ESF

The grass is greener: ESF establishes no-mow zones on campus to increase sustainability

Micah Benson | Art Director

SUNY-ESF will create no-mow zones on campus in order to help the college increase sustainability and reduce carbon emissions.

These no-mow zones consist of designated areas where the grass is not cut and meadows are instead allowed to grow, said Timothy Toland, associate professor in the Department of Landscape Architecture at the State University of New York College of Environmental Science and Forestry.

“We are seeking ways to eliminate sources of carbon emissions and implement more environmentally friendly practices on campus,” Toland said.

Most students going to class, though, will not notice the difference, as the no-mow zones are located along the steep slopes on the southern property line of Main Campus adjacent to Oakwood Cemetery, he said.

The no-mow zones are part of the Sustaining the Green Campus Master Plan, which reviews how the school is run and what could be done to make campus more sustainable as it grows physically and the university expands its student body, he said.

The switch was made because turf grass maintenance relies on gas-powered motors and is an energy-intensive process.
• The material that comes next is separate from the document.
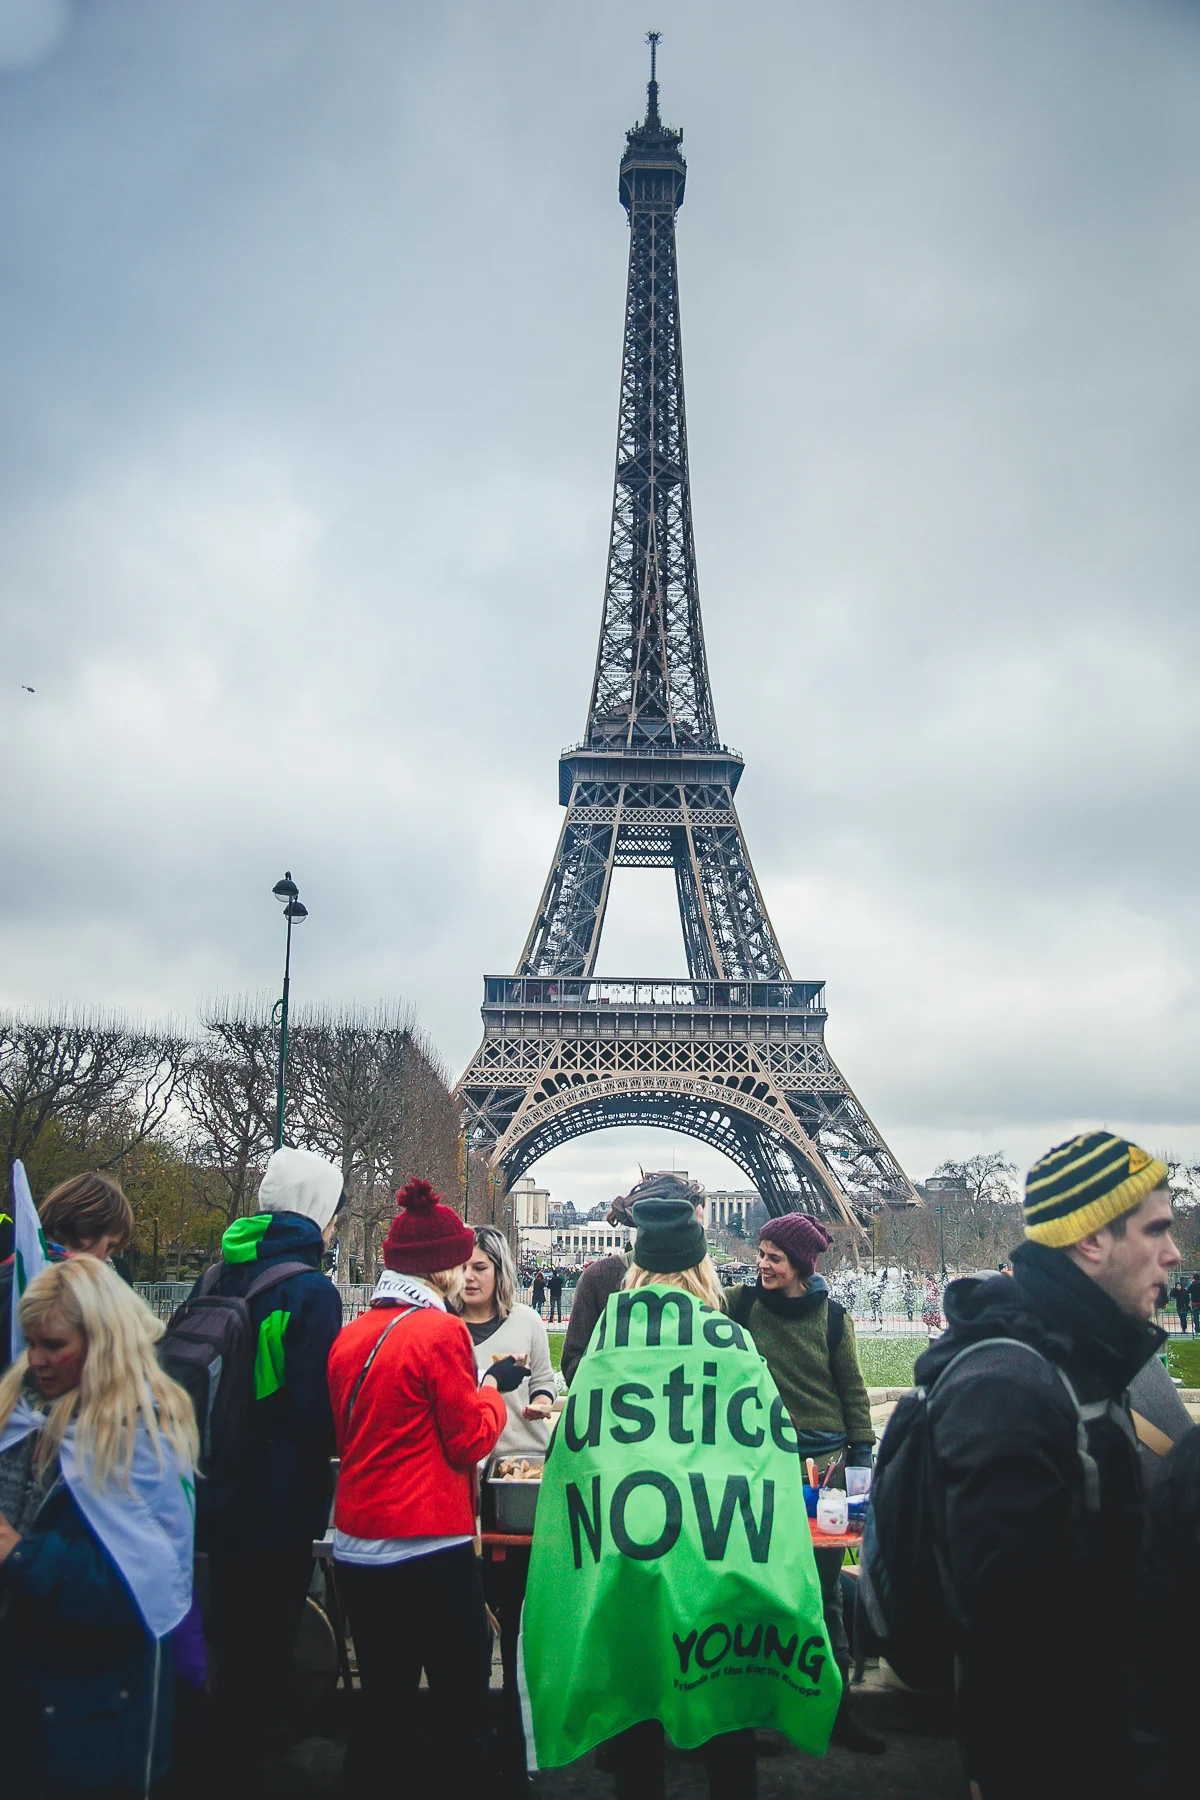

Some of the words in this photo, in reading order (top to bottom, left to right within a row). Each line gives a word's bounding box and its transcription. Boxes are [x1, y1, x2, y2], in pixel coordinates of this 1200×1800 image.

The process is considered to be non-sustainable because of its heavy reliance on fossil fuels and the carbon emissions from their operation, Toland said.

Additionally, it is very time consuming for the Physical Plant and Facilities staff, which have a number of other tasks to attend to around campus.

ESF wanted to make the jobs of the Physical Plant and Facilities employees safer and easier. The no-mow zones are on steep slopes, making the job both difficult and dangerous for the employees.

“The college had already established policies that eliminated the use of chemicals for lawn care,” Toland said. “Eliminating turf grass in non-recreational areas was the next logical step.”

Areas like the ESF Quad, which is heavily recreational, will keep the turf grass, but areas without intensive use will cease to use it.

There have been two different approaches to revitalizing the landscape, Toland said.

“One was the establishment of a meadow behind John and Baker Labs using a northern wildflower meadow mix. The other approach was to simply stop mowing a hillside behind Bray and Marshall halls,” he said.

The benefits of no-mow zones are tremendous in the eyes of Toland, who said ESF will get the desired results of lowering carbon emissions as it tries to meet its goal of carbon neutrality.

“We will accrue financial benefits in that we will have lower fuel and oil expenditures, and we will have made the job of our Physical Plant staff safer and easier,” Toland said.

Toland said those worried that the unkempt areas might be unsightly are accustomed to societal expectations of turf grass and trees on college campuses, which is promoted by “traditional” lawn care companies.

“Nature has a beauty to it all its own that if one were to stop and pay attention to they would notice,” Toland said.